The primary significance for tort lawyers lies in the fact that, owing to the flexibility,
lack of continuity and irregularity of their work, many atypical workers are either unable
or have great difficulty in establishing that they are employees employed under a contract
of employment. If they are not employees then, presumably, they are outside the scope
of the doctrine of vicarious liability. And if they are independent contractors then, as Lord
Bridge recently stated, it is3:
trite law that the employer of an independent contractor is, in general, not liable for the negligence
or other torts committed by the contractor in the course of the execution of the work.
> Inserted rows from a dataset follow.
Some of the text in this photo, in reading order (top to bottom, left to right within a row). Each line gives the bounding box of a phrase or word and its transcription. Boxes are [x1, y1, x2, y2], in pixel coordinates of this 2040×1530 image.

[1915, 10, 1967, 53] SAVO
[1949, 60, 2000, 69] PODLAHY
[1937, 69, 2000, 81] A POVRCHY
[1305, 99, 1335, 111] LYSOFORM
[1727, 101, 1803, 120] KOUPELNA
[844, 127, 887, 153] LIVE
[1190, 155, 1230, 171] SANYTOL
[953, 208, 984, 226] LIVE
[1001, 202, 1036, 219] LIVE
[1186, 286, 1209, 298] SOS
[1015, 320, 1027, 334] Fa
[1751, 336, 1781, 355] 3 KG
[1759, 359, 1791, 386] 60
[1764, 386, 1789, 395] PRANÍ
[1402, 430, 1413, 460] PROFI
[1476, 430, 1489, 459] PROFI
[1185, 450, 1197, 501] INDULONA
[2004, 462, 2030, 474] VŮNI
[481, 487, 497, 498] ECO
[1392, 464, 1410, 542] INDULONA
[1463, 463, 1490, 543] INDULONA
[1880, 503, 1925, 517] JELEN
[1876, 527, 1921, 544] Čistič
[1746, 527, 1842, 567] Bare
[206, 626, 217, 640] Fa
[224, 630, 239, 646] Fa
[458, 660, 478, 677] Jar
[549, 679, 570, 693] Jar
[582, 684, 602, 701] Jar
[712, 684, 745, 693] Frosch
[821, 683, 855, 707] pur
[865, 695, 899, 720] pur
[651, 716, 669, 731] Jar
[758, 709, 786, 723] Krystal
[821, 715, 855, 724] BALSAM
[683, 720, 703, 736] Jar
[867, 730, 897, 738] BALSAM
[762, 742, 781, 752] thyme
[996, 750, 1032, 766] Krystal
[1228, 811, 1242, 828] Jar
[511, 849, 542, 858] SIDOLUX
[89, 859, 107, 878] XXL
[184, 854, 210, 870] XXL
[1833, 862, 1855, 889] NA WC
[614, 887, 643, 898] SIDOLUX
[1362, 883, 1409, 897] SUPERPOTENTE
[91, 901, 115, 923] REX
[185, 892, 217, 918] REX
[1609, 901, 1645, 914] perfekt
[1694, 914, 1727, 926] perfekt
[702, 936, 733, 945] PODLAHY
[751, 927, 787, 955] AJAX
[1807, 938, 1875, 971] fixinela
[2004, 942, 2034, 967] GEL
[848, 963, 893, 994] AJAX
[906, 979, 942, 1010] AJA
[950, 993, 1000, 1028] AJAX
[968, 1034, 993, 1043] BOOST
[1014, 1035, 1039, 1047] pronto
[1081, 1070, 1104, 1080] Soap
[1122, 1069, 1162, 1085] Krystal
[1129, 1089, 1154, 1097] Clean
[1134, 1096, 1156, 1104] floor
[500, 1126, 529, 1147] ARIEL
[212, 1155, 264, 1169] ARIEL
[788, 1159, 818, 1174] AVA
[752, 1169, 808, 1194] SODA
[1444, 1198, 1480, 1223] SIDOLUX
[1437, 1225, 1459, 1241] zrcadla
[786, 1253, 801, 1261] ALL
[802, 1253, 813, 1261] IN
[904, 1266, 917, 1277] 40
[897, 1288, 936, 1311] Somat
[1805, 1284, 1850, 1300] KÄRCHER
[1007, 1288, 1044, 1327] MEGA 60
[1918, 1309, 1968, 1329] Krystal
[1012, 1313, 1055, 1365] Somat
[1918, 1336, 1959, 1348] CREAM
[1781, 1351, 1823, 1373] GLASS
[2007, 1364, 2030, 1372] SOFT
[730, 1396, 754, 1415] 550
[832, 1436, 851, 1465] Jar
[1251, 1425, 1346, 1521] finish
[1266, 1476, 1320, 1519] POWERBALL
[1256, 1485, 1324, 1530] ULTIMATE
Yet will the courts actually hold that these atypical workers are independent contractors
for whose torts the employer is not liable? If they do, will that not undermine the social
purposes, such as loss distribution,4 which have hitherto been furthered by the doctrine
of vicarious liability? On the other hand, if the courts are to conclude that employers are
liable for the torts of such workers how can they achieve this goal? Can the doctrine of
vicarious liability be adapted in order to encompass this new workforce or will the courts
have to create new forms of primary liability?
The aim of this paper is to subject these issues to analysis. We shall begin our analysis
by considering the recent changes in the structure of the labour market and then discuss
their implications for the doctrine of vicarious liability and for the liability which an employer
may incur for the torts of his independent contractors.
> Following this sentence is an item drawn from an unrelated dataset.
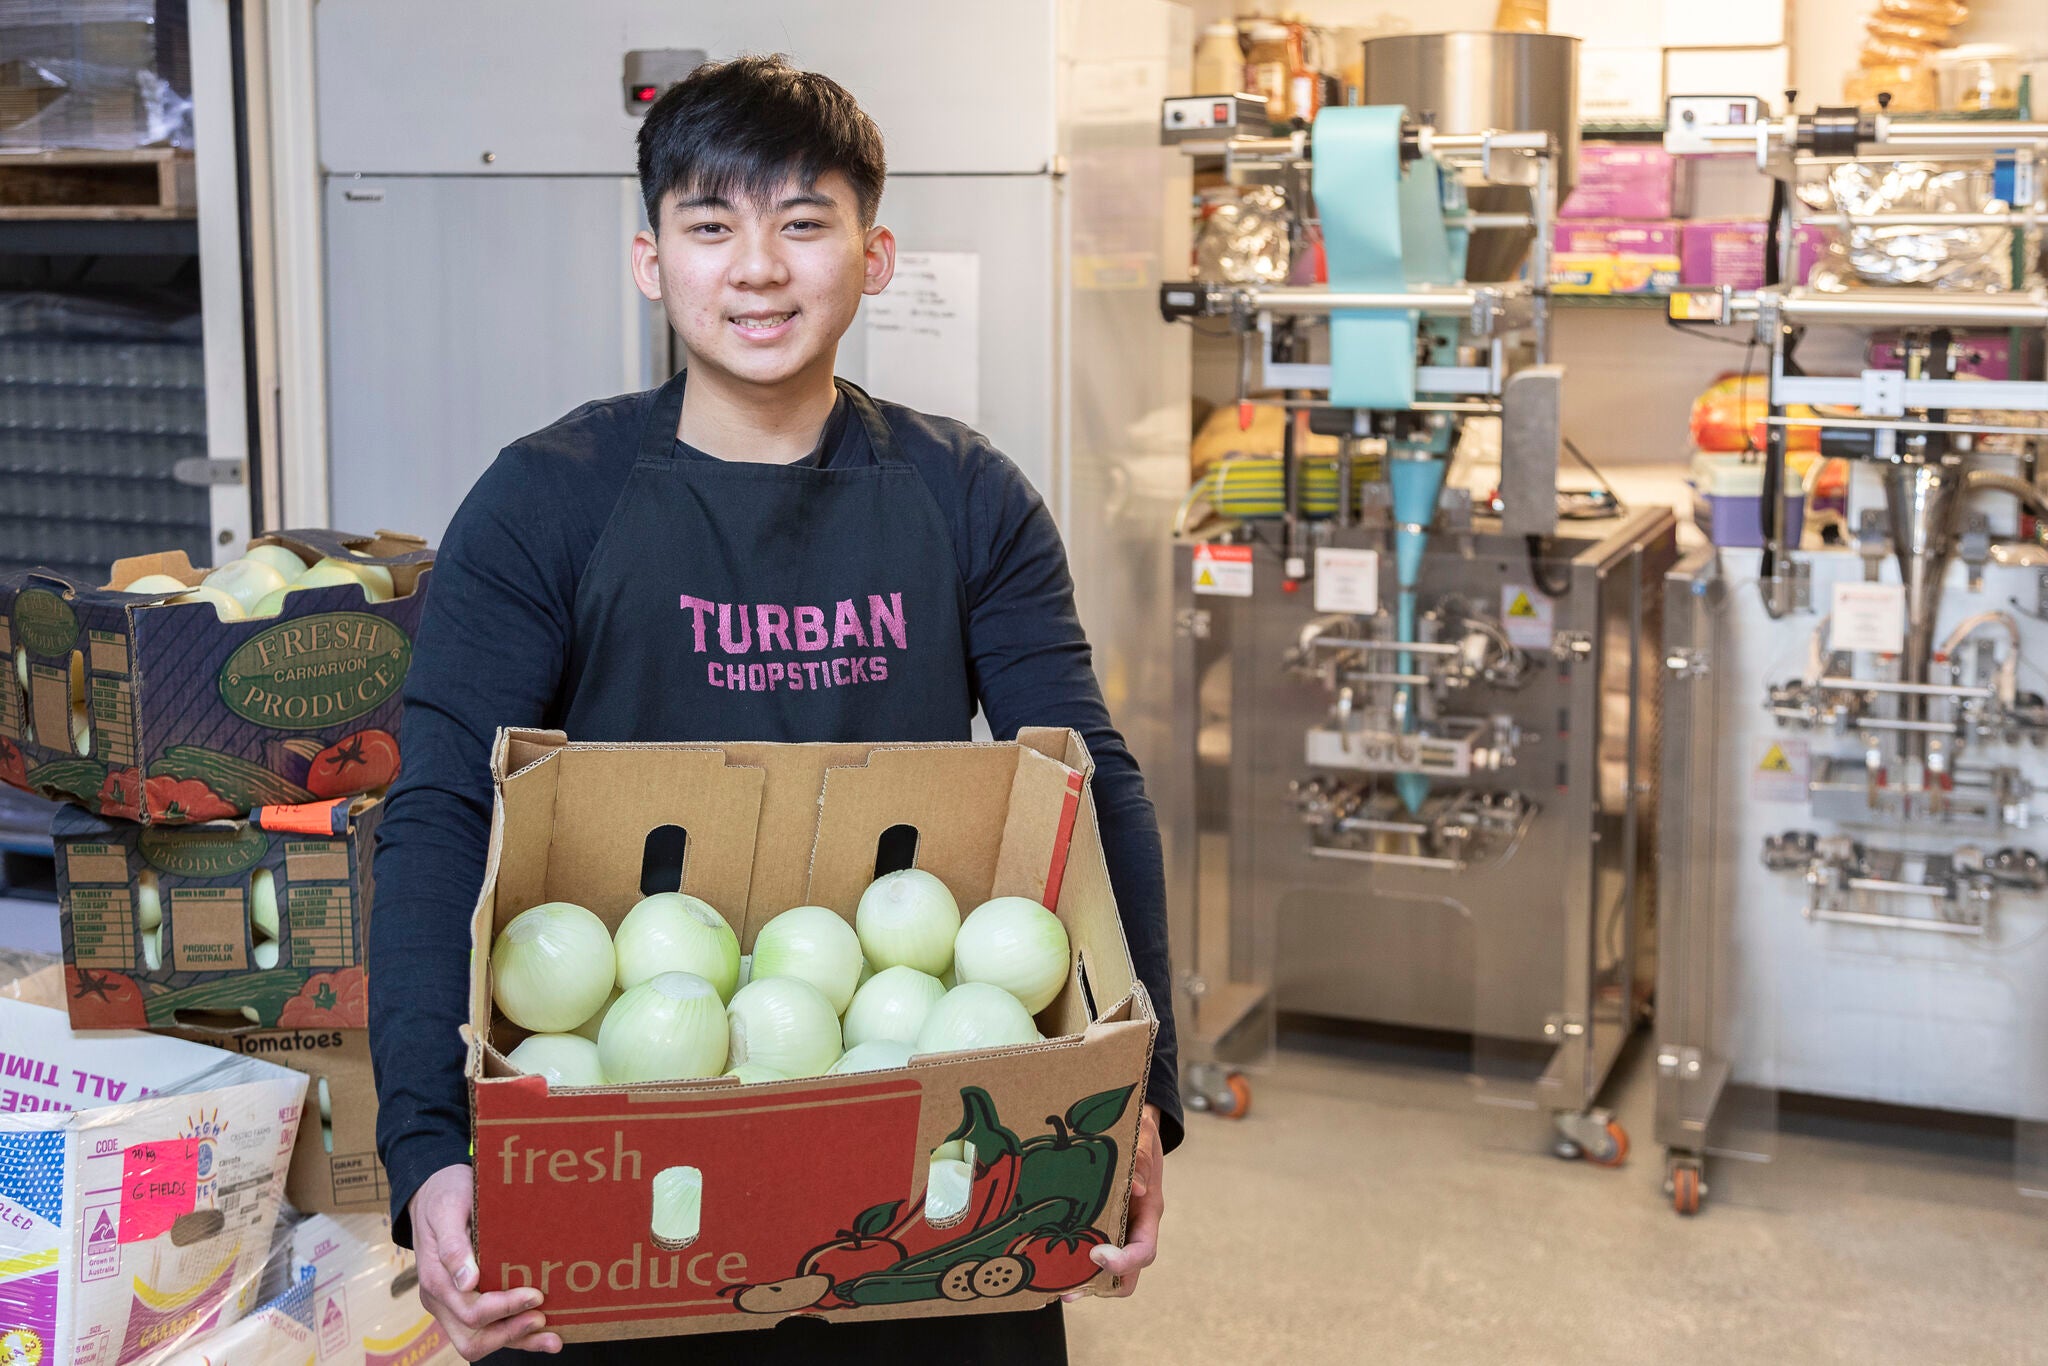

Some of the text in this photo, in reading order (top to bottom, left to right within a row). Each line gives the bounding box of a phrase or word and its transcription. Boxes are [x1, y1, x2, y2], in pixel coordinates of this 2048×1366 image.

*Lecturer in Law, London School of Economics and Political Science. I would like to thank Professor Carol
Harlow and Simon Deakin for their helpful comments on earlier drafts of this article. I, of course, remain
responsible for any defects which remain.
1 See the useful account by Leighton 'Marginal Workers' in Lewis (ed), Labour Law in Britain (Oxford:
Blackwell, 1986) and Leighton, 'New Forms and Aspects of Atypical Employment Relationships' (1986)
8 Comparative Labor LI 34.
2  See, for example, Leighton op cit n 1.
3  D & F Estates Lid v Church Commissioners for England [1989] AC 177, 208.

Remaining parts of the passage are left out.